● Exercise brief
The result should be a full, exact repeat of the entries, free of pictures.

╭─ Data for analysis

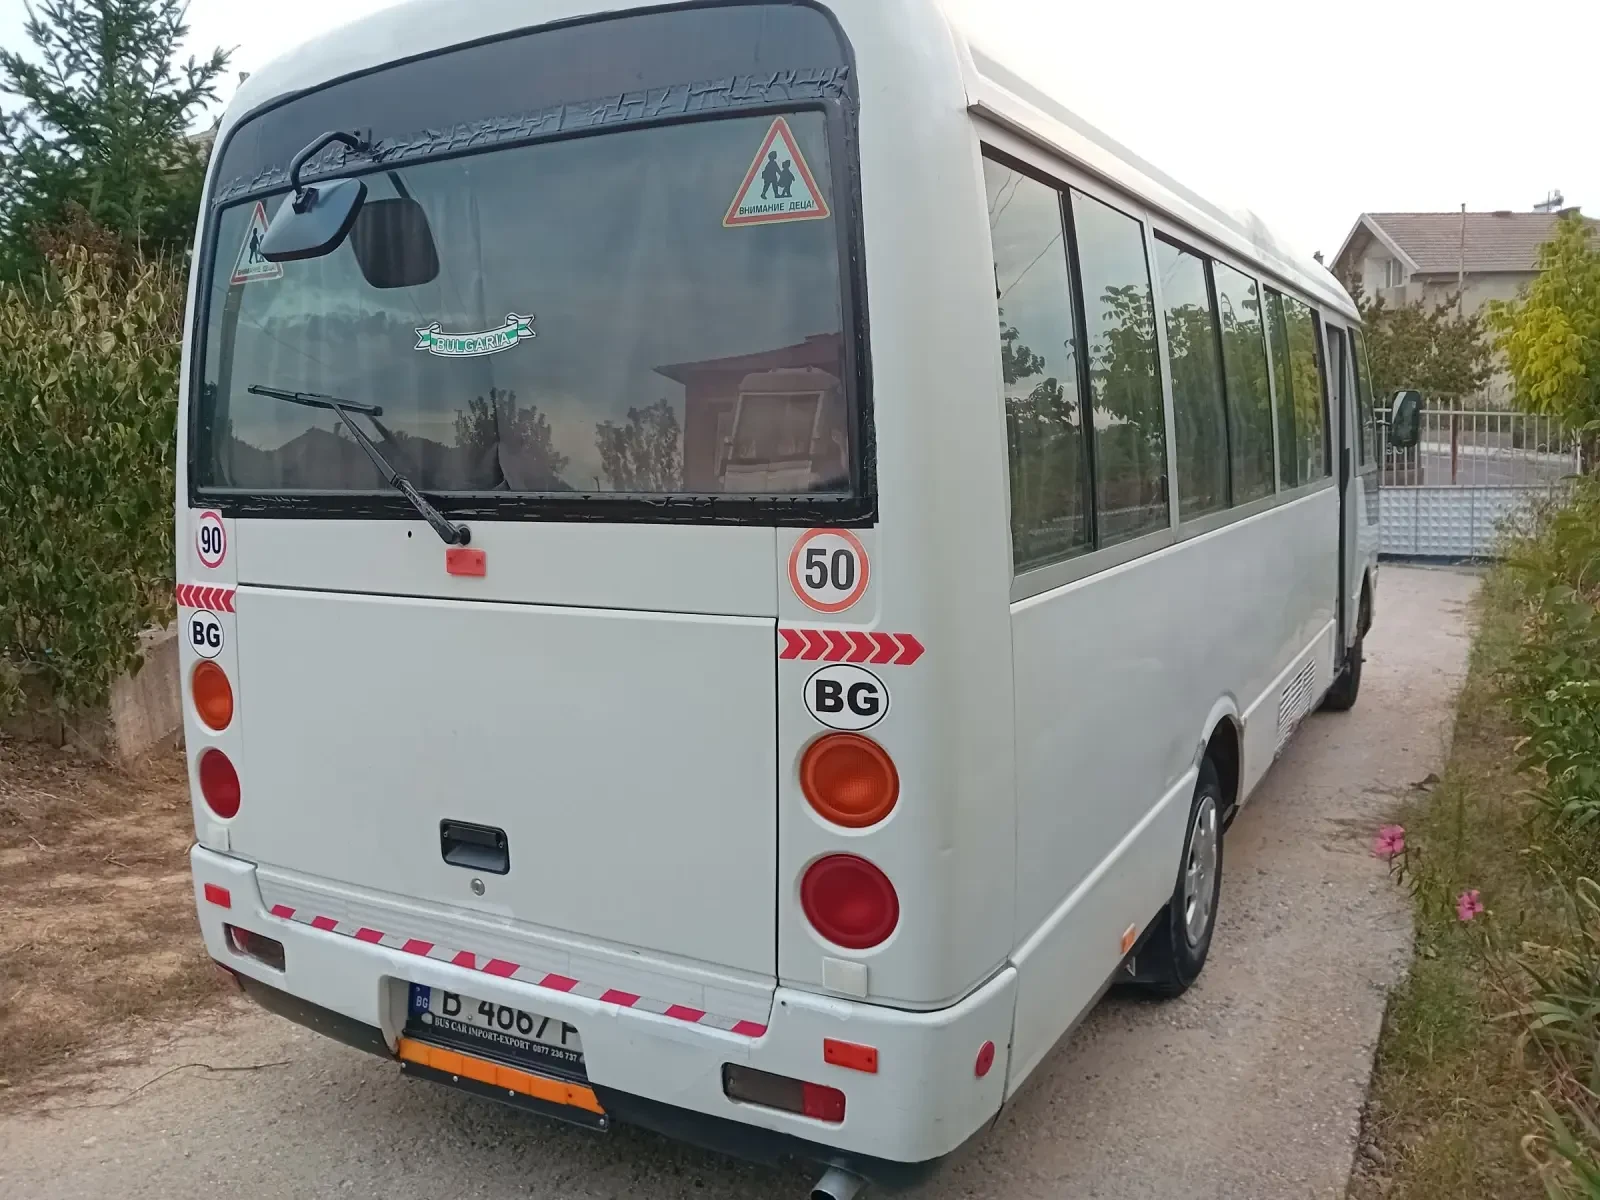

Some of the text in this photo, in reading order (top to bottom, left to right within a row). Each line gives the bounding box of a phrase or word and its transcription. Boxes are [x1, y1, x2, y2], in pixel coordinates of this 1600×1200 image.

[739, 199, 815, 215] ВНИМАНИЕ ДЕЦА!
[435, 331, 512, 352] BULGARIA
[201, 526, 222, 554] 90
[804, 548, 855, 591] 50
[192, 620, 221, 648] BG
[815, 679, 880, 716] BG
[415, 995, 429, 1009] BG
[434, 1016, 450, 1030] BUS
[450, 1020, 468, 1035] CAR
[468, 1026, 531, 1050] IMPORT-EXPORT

╰─

● Output for this exercise
Some of the text in this photo, in reading order (top to bottom, left to right within a row). Each line gives the bounding box of a phrase or word and its transcription. Boxes are [x1, y1, x2, y2], in pixel coordinates of this 1600×1200 image.

[739, 199, 815, 215] ВНИМАНИЕ ДЕЦА!
[435, 331, 512, 352] BULGARIA
[201, 526, 222, 554] 90
[804, 548, 855, 591] 50
[192, 620, 221, 648] BG
[815, 679, 880, 716] BG
[415, 995, 429, 1009] BG
[434, 1016, 450, 1030] BUS
[450, 1020, 468, 1035] CAR
[468, 1026, 531, 1050] IMPORT-EXPORT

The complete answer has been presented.